GarrickLin commented 9 years ago

in JDA/src/jda/data.cpp line34 to 43

            switch (feature.scale) {
            case Feature::ORIGIN:
                scale = 1.0; break;
            case Feature::HALF:
                scale = 0.5; break;
            case Feature::QUARTER:
                scale = 0.25; break;
            default:
                scale = 1.0; break;
            }

for example, if you want to pick up a pix in half scale of original image, you must mutilply a scale of 2(or sqrt(2)?) but not 0.5, so the code should be like this:

            switch (feature.scale) {
            case Feature::ORIGIN:
                scale = 1.0; break;
            case Feature::HALF:
                scale = 2; break;
            case Feature::QUARTER:
                scale = 4; break;
            default:
                scale = 1.0; break;
            }
luoyetx commented 9 years ago

To my understanding, the training samples will be scaled with size 80x80, 40x40, 20x20 (maybe wrong). Currently, I scale the offset not the image, the idea is borrowed form FaceDetect/jointCascade_py, but we can change it later.

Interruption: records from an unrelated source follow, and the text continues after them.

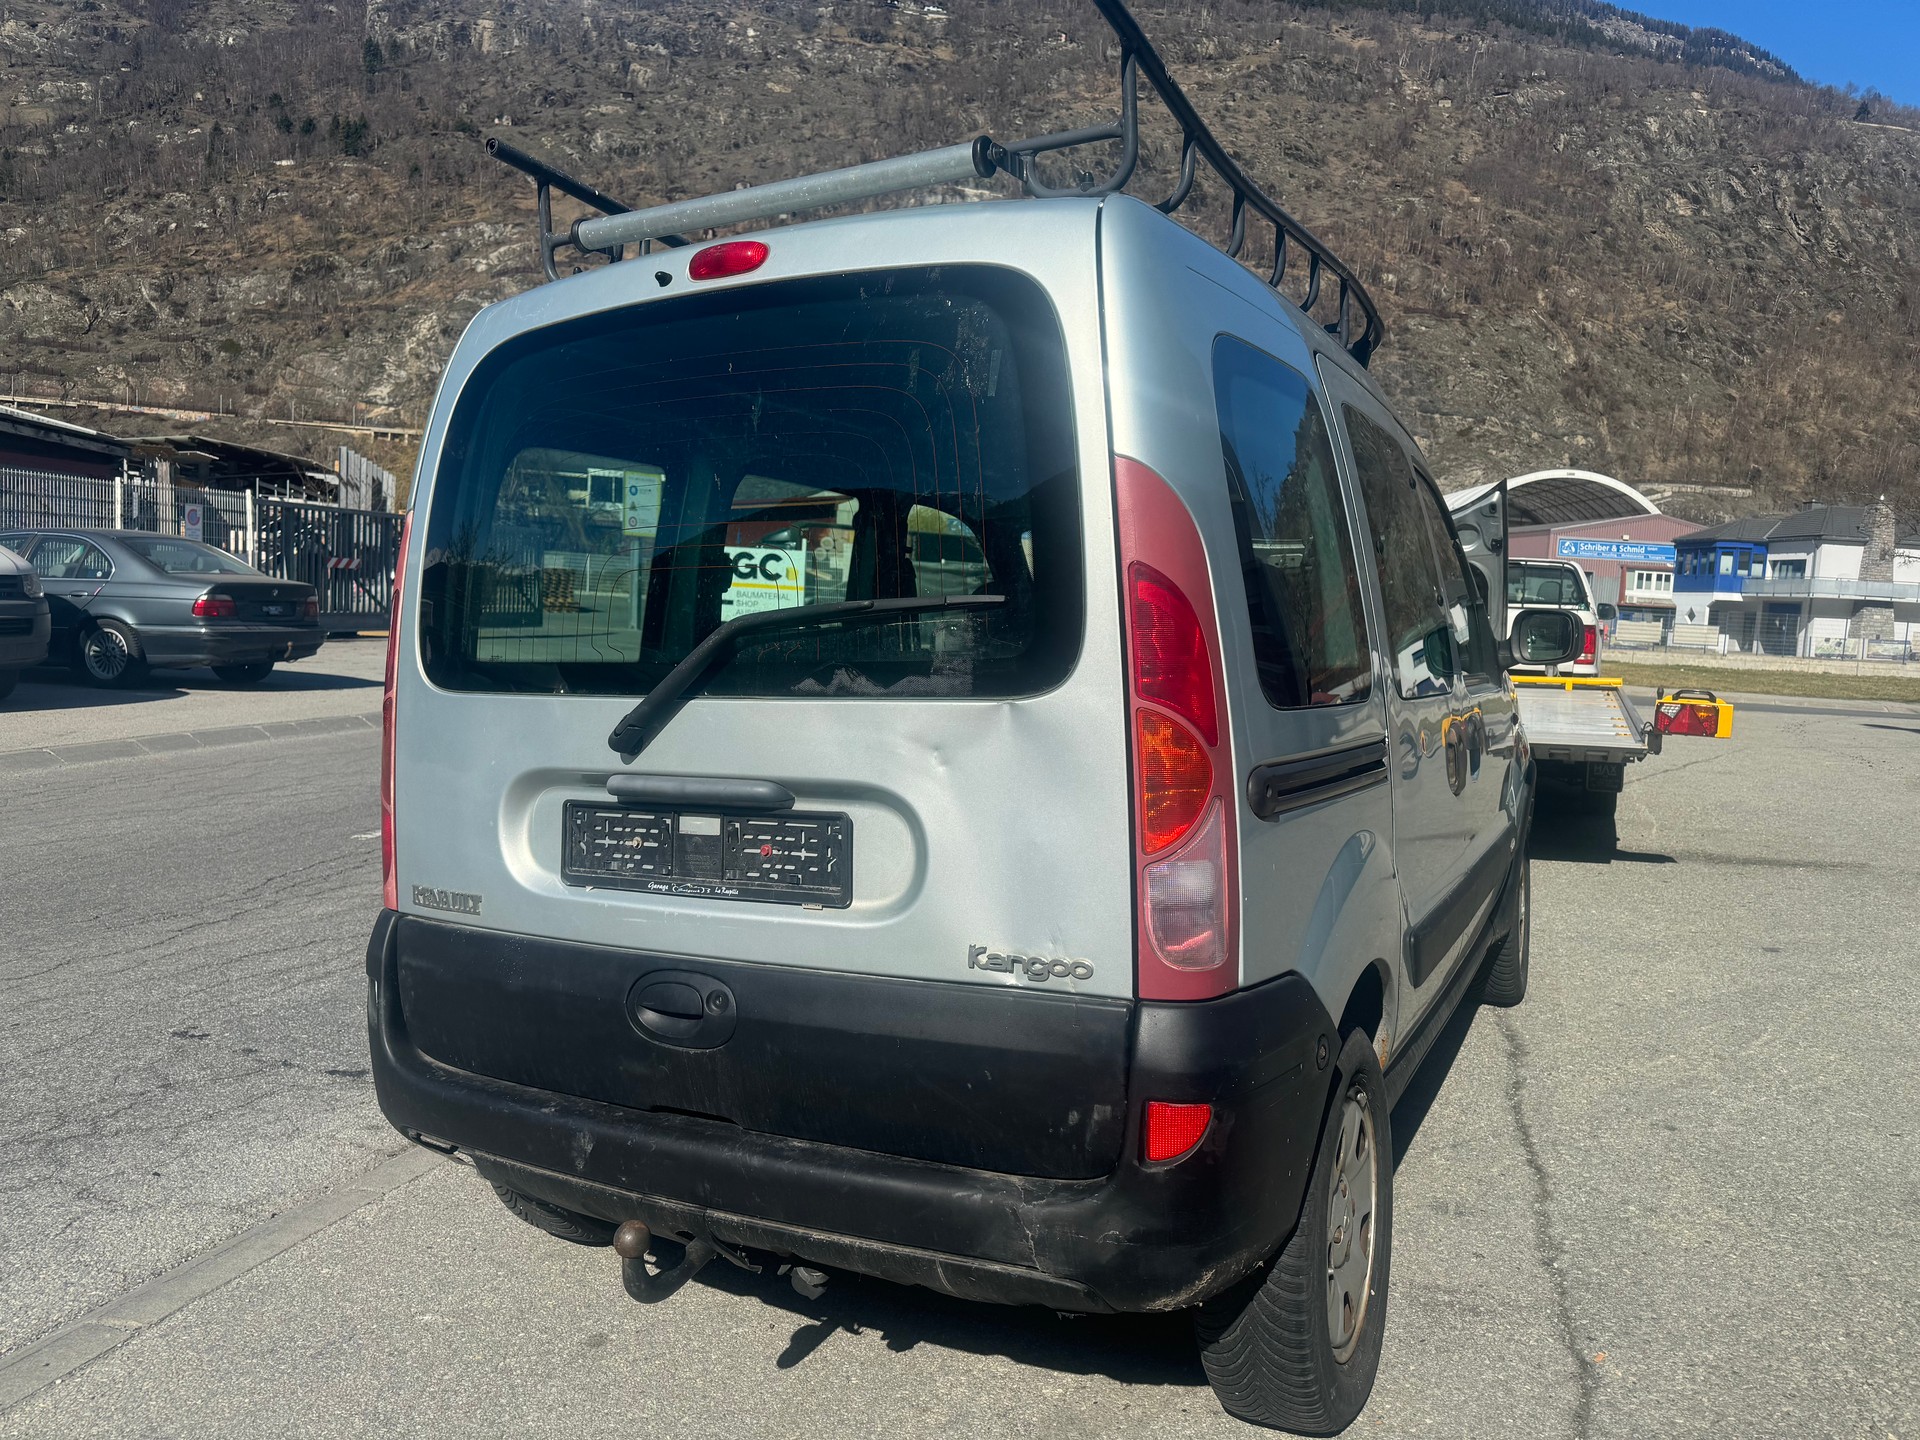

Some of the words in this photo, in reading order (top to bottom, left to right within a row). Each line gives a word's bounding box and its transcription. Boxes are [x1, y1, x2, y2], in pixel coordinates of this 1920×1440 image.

[1580, 543, 1609, 552] Schriber
[1612, 544, 1617, 552] &
[1619, 545, 1645, 554] Schmid
[726, 551, 783, 582] GC
[736, 590, 790, 601] BAUMATERIAL
[736, 599, 759, 608] SHOP
[647, 881, 669, 892] Garage
[412, 885, 482, 915] RENAULT
[968, 944, 1095, 982] Kangoo
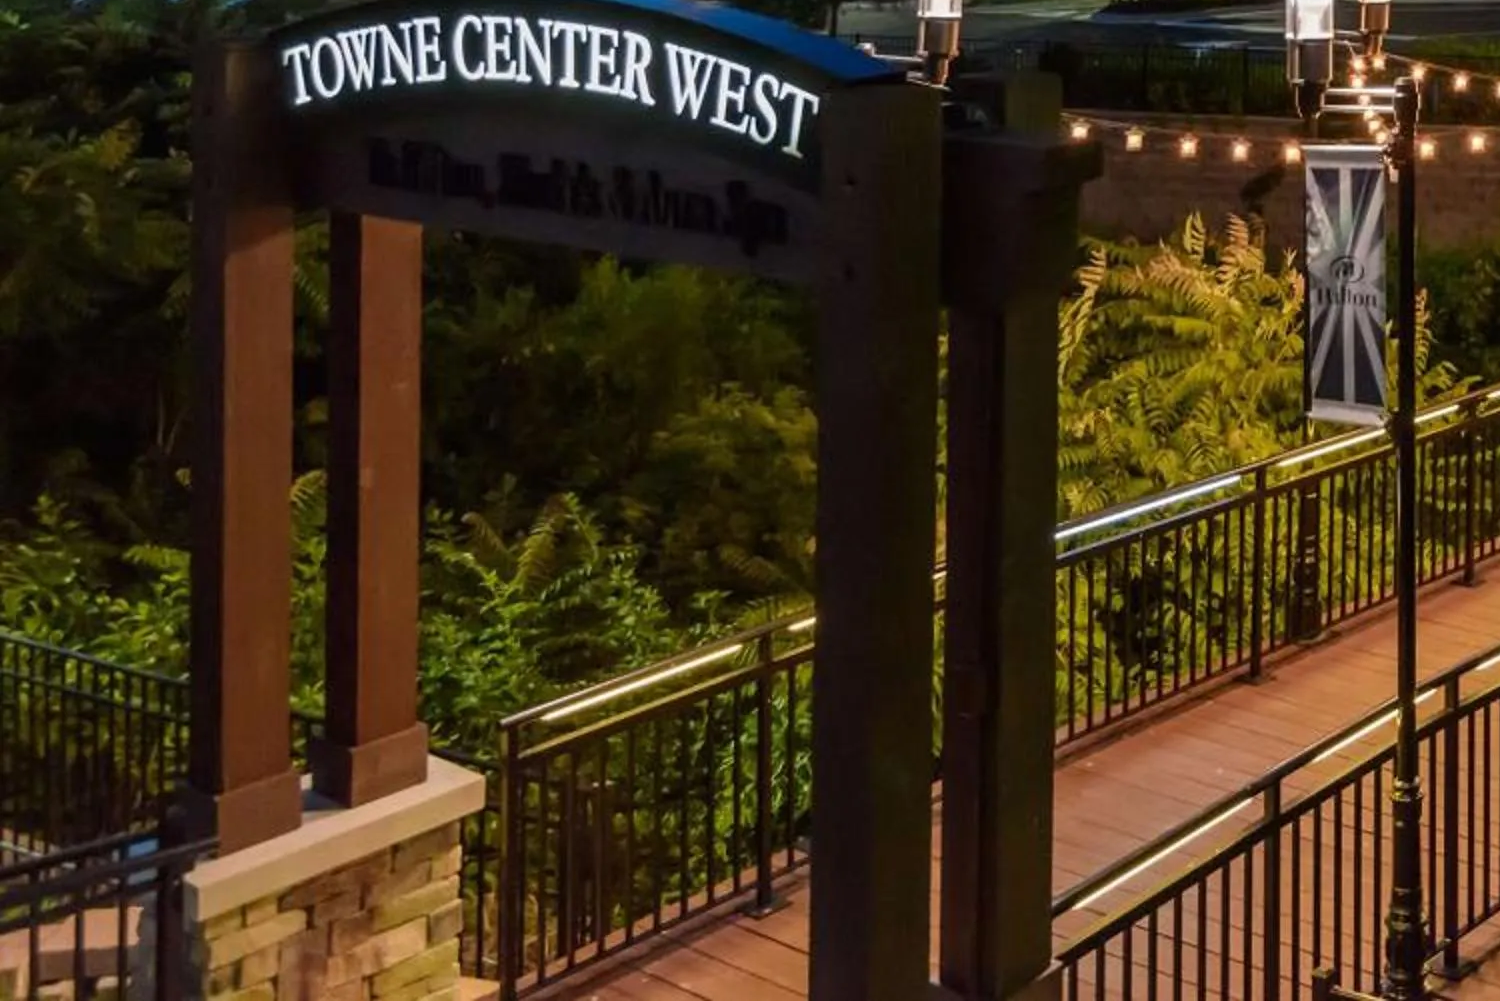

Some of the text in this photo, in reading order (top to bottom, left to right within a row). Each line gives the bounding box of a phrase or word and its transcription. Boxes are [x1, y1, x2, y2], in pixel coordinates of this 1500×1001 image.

[283, 13, 820, 158] TOWNE CENTER WEST
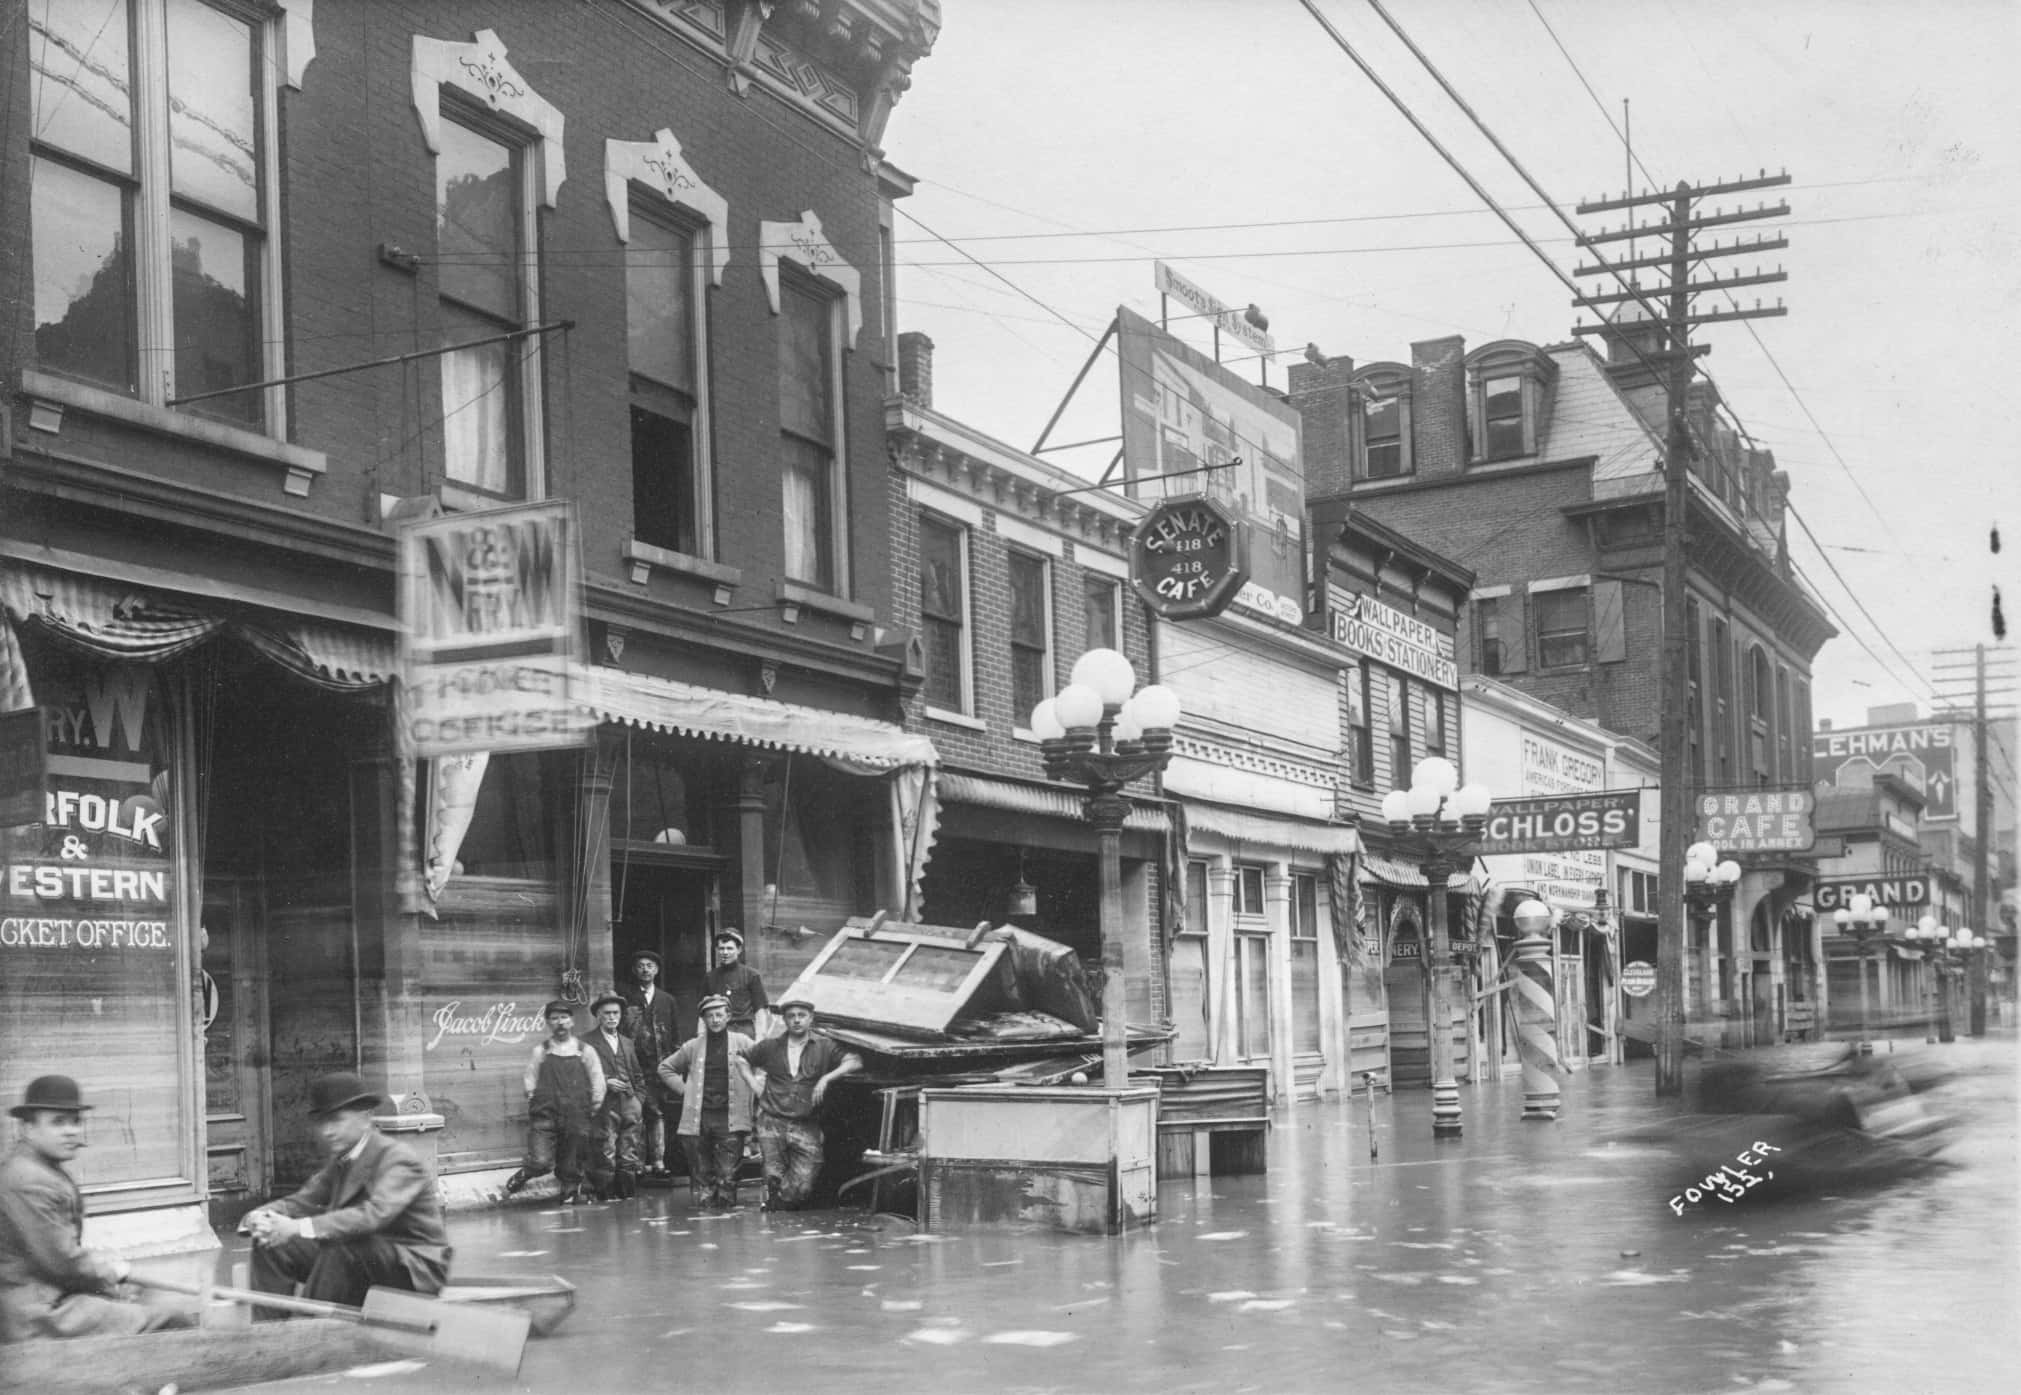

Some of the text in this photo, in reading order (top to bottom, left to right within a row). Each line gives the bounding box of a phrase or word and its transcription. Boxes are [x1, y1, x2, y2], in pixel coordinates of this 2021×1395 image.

[1145, 511, 1223, 555] SENATE
[1170, 560, 1203, 574] 418
[1156, 570, 1215, 600] CAFE
[1362, 598, 1433, 648] WALLPAPER
[1337, 614, 1458, 692] BOOKS STATIONERY
[86, 664, 148, 752] W
[1523, 738, 1559, 774] FRANK
[1703, 793, 1804, 816] GRAND
[1707, 814, 1800, 839] CAFE
[60, 835, 88, 860] &
[1740, 839, 1754, 849] IN
[0, 865, 166, 901] ESTERN
[1817, 880, 1925, 908] GRAND
[76, 919, 172, 948] OFFICE.
[425, 1000, 496, 1051] Jacob

luoyetx commented 9 years ago

Yes, the scale is wrong in the code, I will change it. Thanks a lot for pointing out this error.

luoyetx commented 9 years ago

@GreenKing I find it is wrong to scale the offset, since the offset is relative range in [0, radius]. No matter how we scale the image, the offset shouldn't be changed. I will use three scaled image to calculate the feature.

GarrickLin commented 9 years ago

I saw it. You mean offset is in range [0, radius]. If you scale the offset directly, which just means you are scaling the radius. But this will be a little bit different with scaling the images. Isn't it?

luoyetx commented 9 years ago

no, they are different. Since offset is relative to the size of image while radius is relative too, scaling the image means we have different views of the same point, while scaling the offset means we have different points under the same view. I think they are different, so I will reimplement the way to calculate the feature value. The scaled image size I think will be 80x80, 56x56 and 40x40. Am I right?

GarrickLin commented 9 years ago
  1. I agree with your. A pixel in down sampled image might represent an area in origin image.
  2. Actually, I am not sure. But I prefer sqrt(2).